Source: Shutterstock

The advantage is that the unbaked powder can often be sifted and reused, but the disadvantage is the need to clean the entire printer in a very complicated way if the material needs to be replaced, and of course also the high cost of acquisition. However, it is widely used for the creation of various prototypes that already have some functionality – other options would be much more expensive.

You will only meet these printers in an industrial environment and their price ranges well above 100 thousand crowns. But their popularity is still rising.


The most well-known and currently the most widespread 3D printing technology among do-it-yourselfers is undoubtedly FDM (Fused Deposition Modeling), sometimes also called FFF (Fused Filament Fabrication). The meaning of these two abbreviations is slightly different in the original sense, but today they are often used as synonyms. This technology melts a plastic string (filament) at different temperatures (according to the exact type and brand) and applies (extrudes) it in layers onto the substrate.

Source: Shutterstock

Most often we now encounter printers that move the print head upwards to create the third dimension (height), but some printers move the pad instead. Although the basic material is plastic, the exact types differ significantly in their properties, quality and price.
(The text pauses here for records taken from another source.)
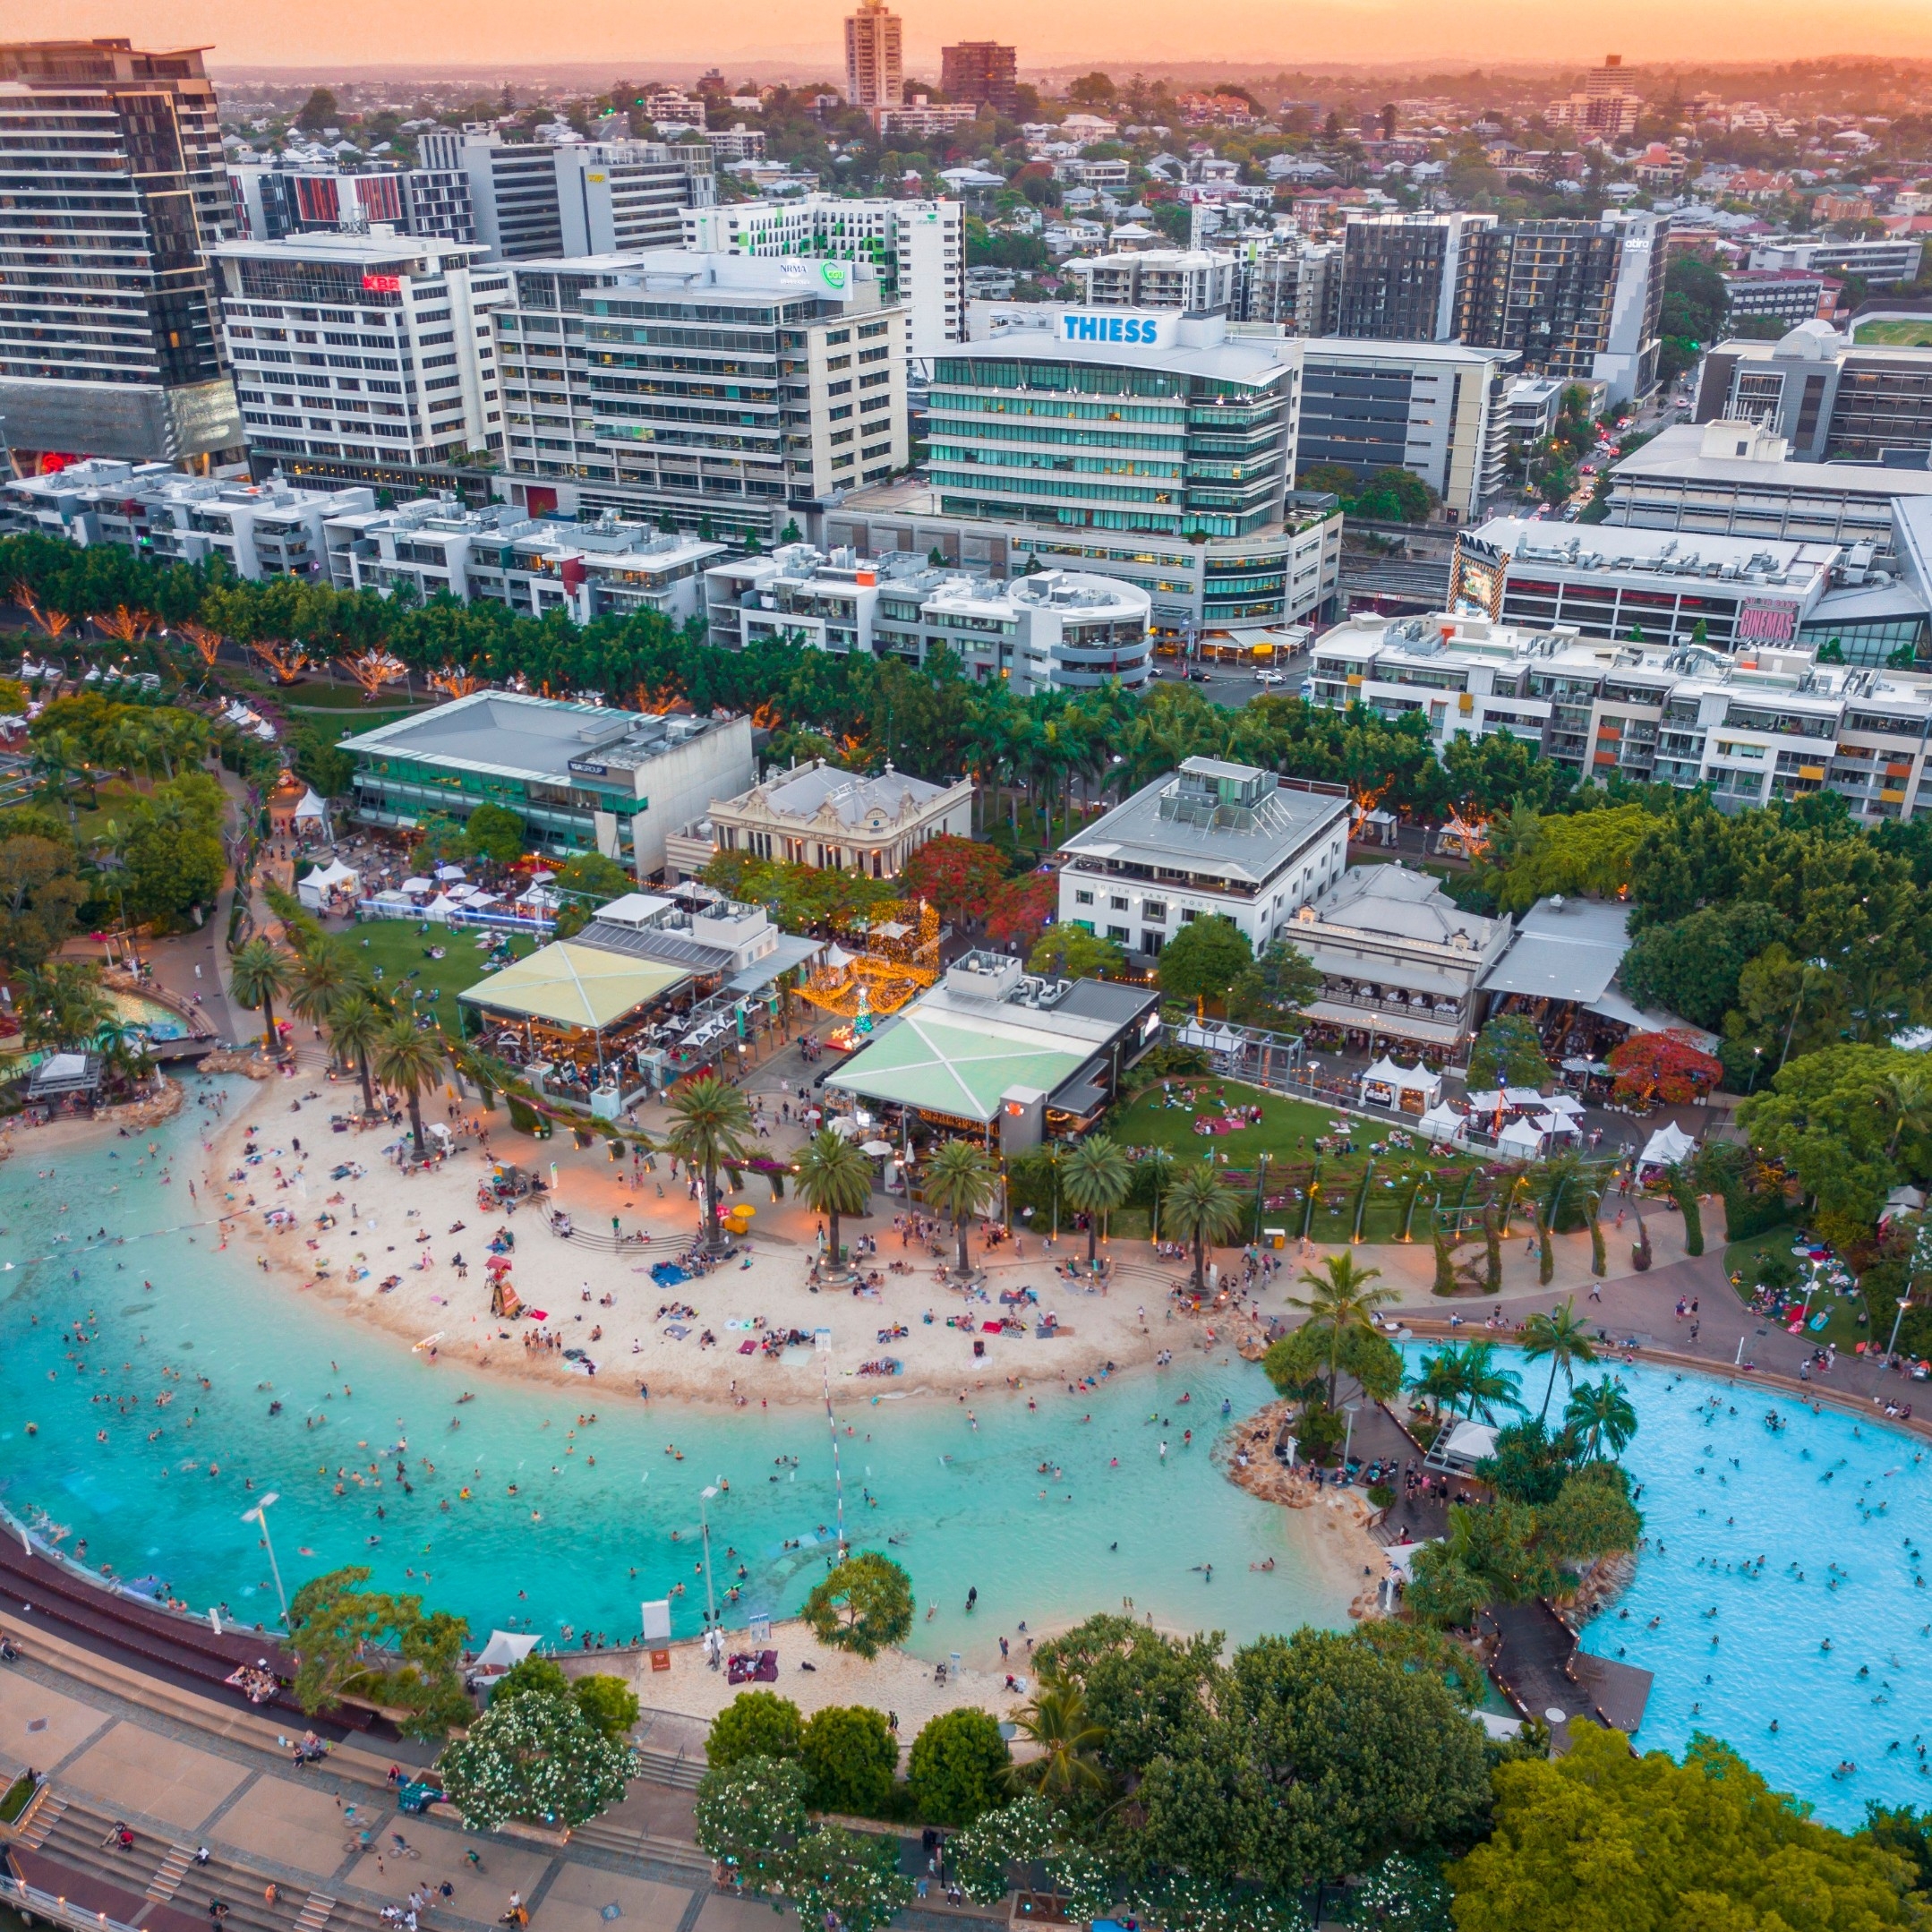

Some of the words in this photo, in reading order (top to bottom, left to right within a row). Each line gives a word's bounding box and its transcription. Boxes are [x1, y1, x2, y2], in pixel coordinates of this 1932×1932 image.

[1626, 238, 1649, 248] atira
[780, 264, 808, 273] NRMA
[1064, 316, 1158, 344] THIESS
[1774, 599, 1798, 609] BANK
[1739, 609, 1794, 640] CINEMAS
[1093, 883, 1130, 893] SOUTH
[1141, 891, 1169, 901] BANK
[1180, 898, 1219, 910] HOUSE
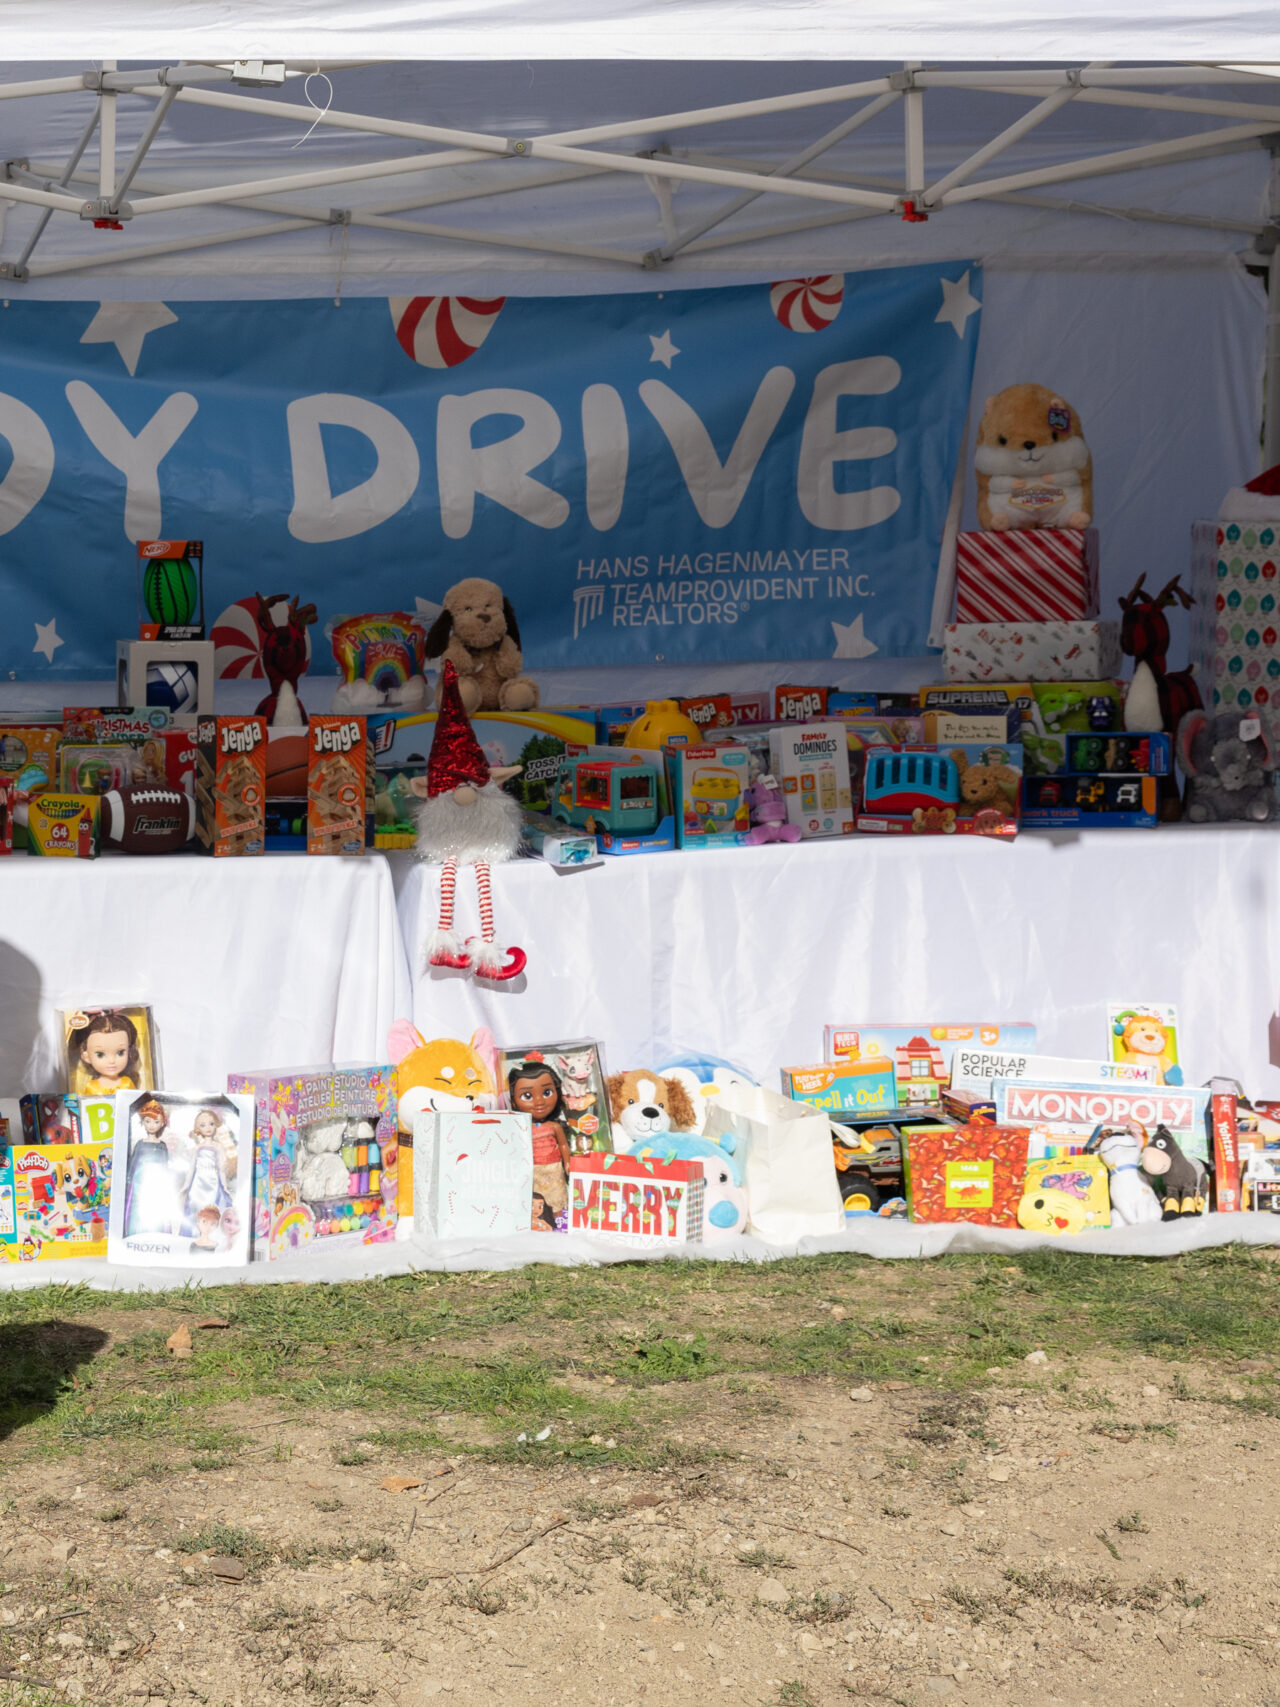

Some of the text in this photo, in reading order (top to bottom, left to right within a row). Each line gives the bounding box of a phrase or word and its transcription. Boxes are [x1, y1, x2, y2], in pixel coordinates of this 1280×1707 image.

[576, 548, 850, 580] HANS HAGENMAYER
[610, 574, 877, 605] TEAMPROVIDENT INC.
[926, 690, 1008, 704] SUPREME
[780, 693, 822, 721] Jenga
[221, 722, 263, 753] Jenga
[314, 721, 362, 753] Jenga
[802, 733, 827, 742] FAMILY
[794, 740, 837, 755] DOMINOES
[525, 767, 559, 781] CATCH
[529, 758, 556, 771] TOSS
[41, 799, 81, 811] Crayola
[51, 827, 68, 839] 64
[133, 815, 181, 834] Franklin
[45, 841, 77, 850] CRAYONS
[961, 1053, 1026, 1069] POPULAR
[962, 1065, 1025, 1077] SCIENCE
[1100, 1065, 1148, 1080] STEAM
[306, 1074, 367, 1094] PAINT STUDIO
[298, 1092, 331, 1111] ATELIER
[334, 1089, 377, 1102] PEINTURE
[856, 1085, 885, 1105] Out
[296, 1108, 331, 1126] ESTUDIO
[343, 1104, 380, 1117] PINTURA
[1011, 1091, 1193, 1127] MONOPOLY
[1217, 1121, 1235, 1162] Yahtzee
[572, 1178, 686, 1238] MERRY
[127, 1241, 171, 1254] FROZEN
We probably encounter this technology most often today. Not only is it widely used in companies, but thanks to its relatively low price, it is also often purchased by various scientific and medical facilities, schools and, last but not least, ordinary households. The price of such a printer will vary according to the requirements of its user, most often it ranges within several tens of thousands of crowns.

Source: Shutterstock

Among the most well-known manufacturers for home use, we can include, for example, Prusa (Czech printers, modified model in the picture), Bambu Lab, Creality, Anycubic, Snapmaker, or even Voron kits (for assembly). However, many of these brands also produce printers working on other principles and do not focus only on FDM/FFF technologies. Professional printers have been manufactured since the nineties by the company Stratasys (which patented the FDM technology at the time), or 3D Systems.

And moreā€¦

Among other, but technically very similar technologies, we can include, for example, WAAM, which works with metals and layers them on top of each other, similar to FDM, but individual layers are welded. It is mainly used to create more complex or hard-to-reach metal models and is widely used, for example, in the aviation industry – it saves not only the price but also the material and thus the weight of the result, which is definitely an important factor in this industry.

Source: Shutterstock

Another such specific technology is 3DCP, which was created thirty years ago and is used for the construction of buildings and their parts. Similar to FDM, it layers a self-hardening material on top of itself, but uses a powder like DMLS/SLS to create it, which is mixed with a liquid binder (instead of using a laser).

We could go on, but basically every other technology is just a small offshoot of some of the ones we’ve already imagined. Next time we will focus on choosing a printer and materials for beginners.

Source: by

*The article has been translated based on the content of by If there is any problem regarding the content, copyright, please leave a report below the article. We will try to process as quickly as possible to protect the rights of the author. Thank you very much!

*We just want readers to access information more quickly and easily with other multilingual content, instead of information only available in a certain language.

*We always respect the copyright of the content of the author and always include the original link of the source article.If the author disagrees, just leave the report below the article, the article will be edited or deleted at the request of the author. Thanks very much! Best regards!